Folic acid. This vitamin is key to developing healthy and protected neural pathways in your growing baby. According to the March of Dimes Foundation, folic acid has been shown to prevent some birth defects, including neural tube defect, when 400 micrograms are taken daily before and during pregnancy.

Iron. Iron is an integral part of developing strong muscles. An article published by the University of Rochester Medical Center says that anywhere from a third to more than half of women are iron-deficient. This can hinder brain development in an unborn child, making iron one of the most important prenatal vitamins to take.

Vitamin D and calcium. Vitamin D and calcium work in tandem to build and strengthen bones and teeth. Vitamin D allows calcium to be absorbed and incorporated into bones not only for the mother, but also for her baby.

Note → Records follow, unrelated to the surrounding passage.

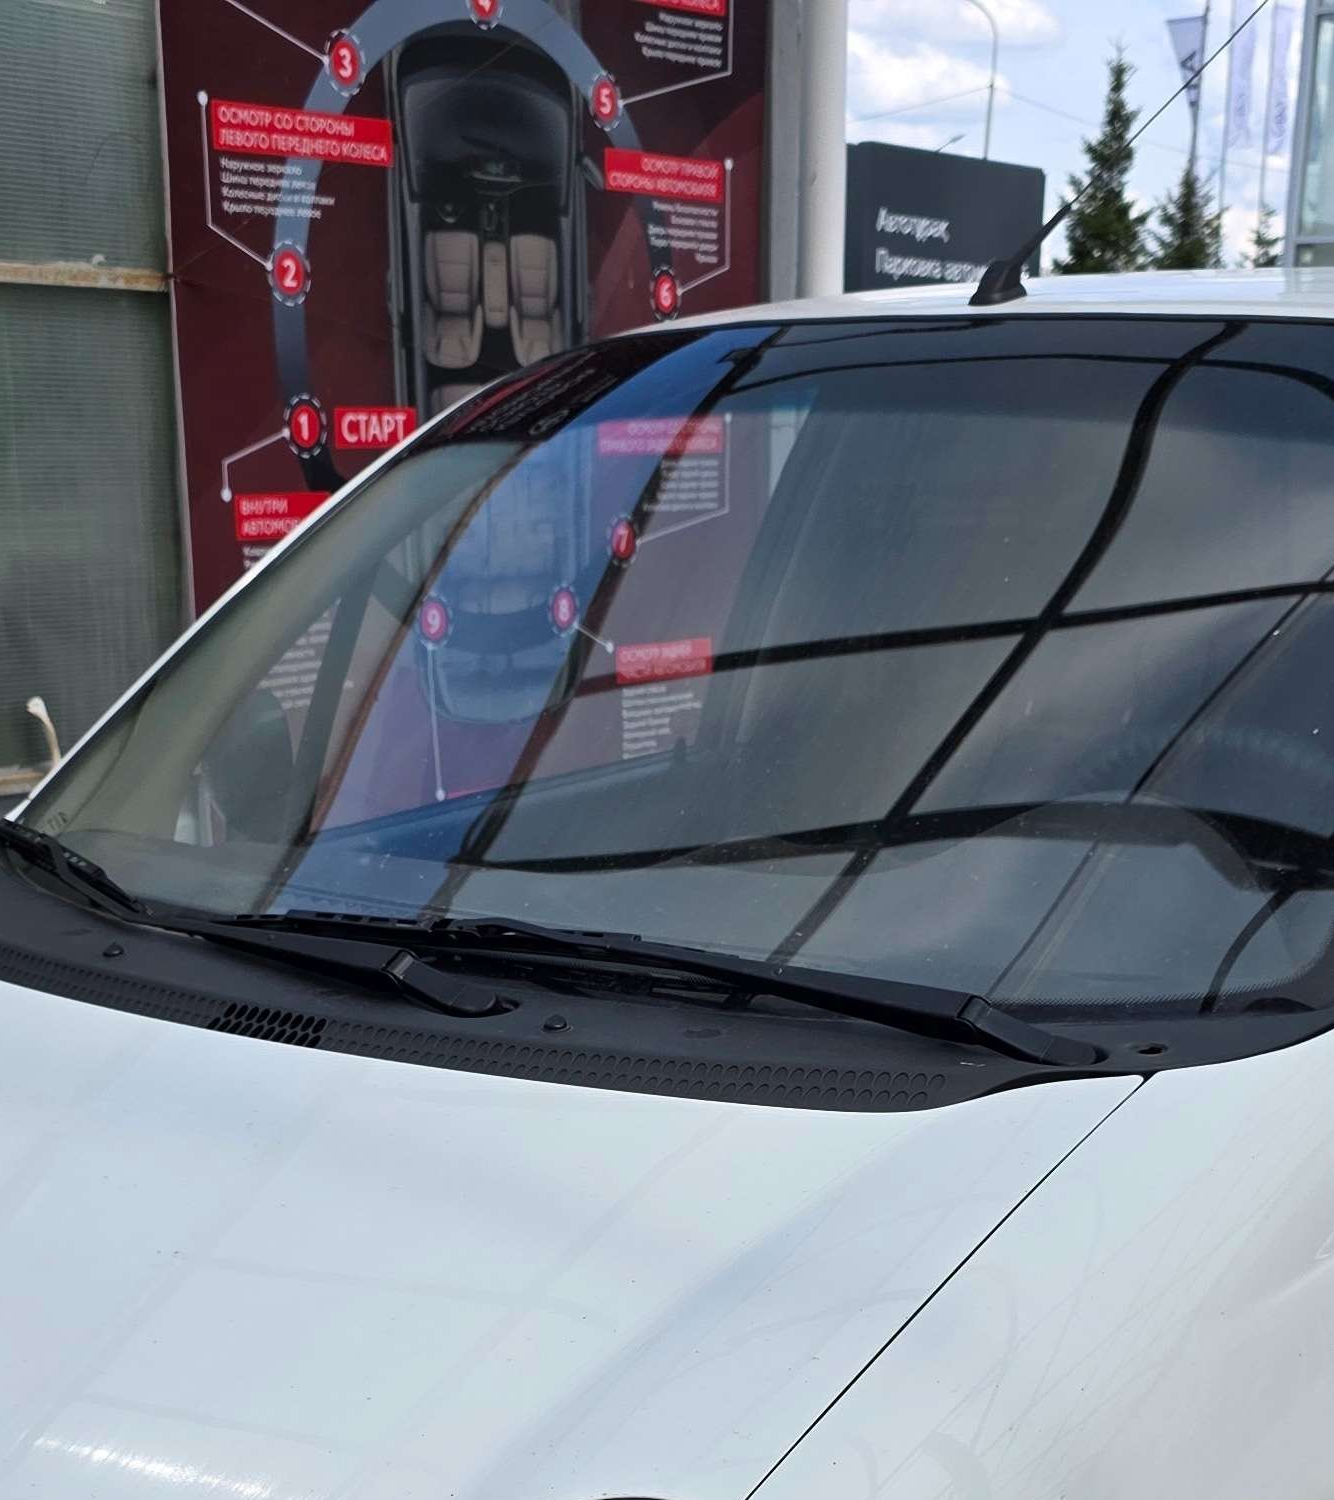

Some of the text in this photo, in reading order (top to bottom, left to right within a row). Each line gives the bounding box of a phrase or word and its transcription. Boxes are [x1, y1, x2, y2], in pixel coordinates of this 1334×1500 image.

[339, 48, 352, 77] 3
[600, 87, 612, 114] 5
[219, 106, 354, 137] ОСМОТР СО СТОРОНЫ
[220, 129, 387, 162] ЛЕВОГО ПЕРЕДНЕГО КОЛЕСА
[282, 259, 298, 287] 2
[660, 283, 672, 308] 6
[298, 414, 309, 441] 1
[341, 412, 407, 443] СТАРТ
[241, 500, 288, 516] ВНУТРИ
[241, 518, 301, 537] АВТОМО
[618, 528, 629, 553] 7
[426, 609, 440, 634] 9
[559, 598, 569, 622] 8
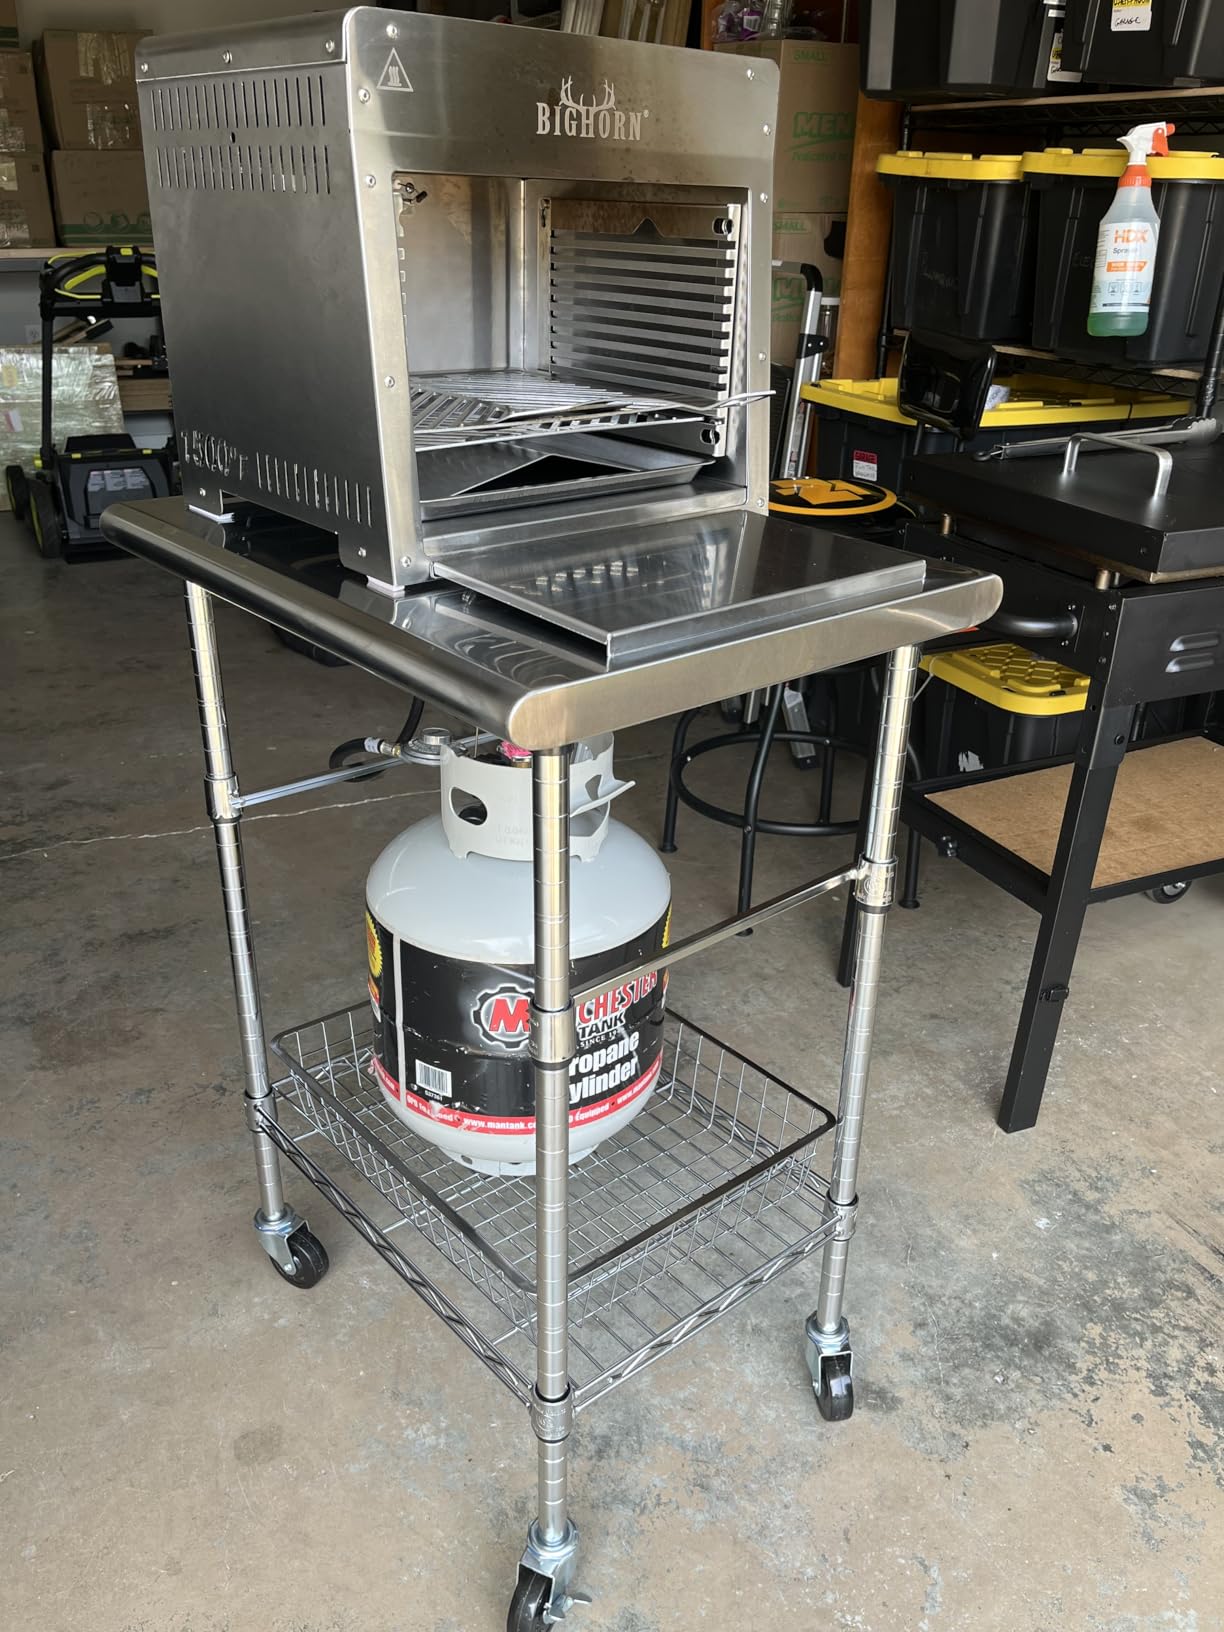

Zinc. Zinc can increase your fertility, making it an ideal vitamin to take when you are trying to conceive. According to the Office of Dietary Supplements, continuing to take at least 11 to 12 milligrams daily will aid in the development of a strong immune system. A study published by the Hanson Institute and Institute of Medical and Veterinary Science also indicates that zinc may help counteract effects of early alcohol exposure in infants.

Exercise caution. While these essential nutrients are important, taking too many can be dangerous. If you already eat nutrient-dense foods or are taking a daily multivitamin, you may run the risk of overdosing on particular vitamins like folic acid. Consult your physician before adding any supplement to your daily diet.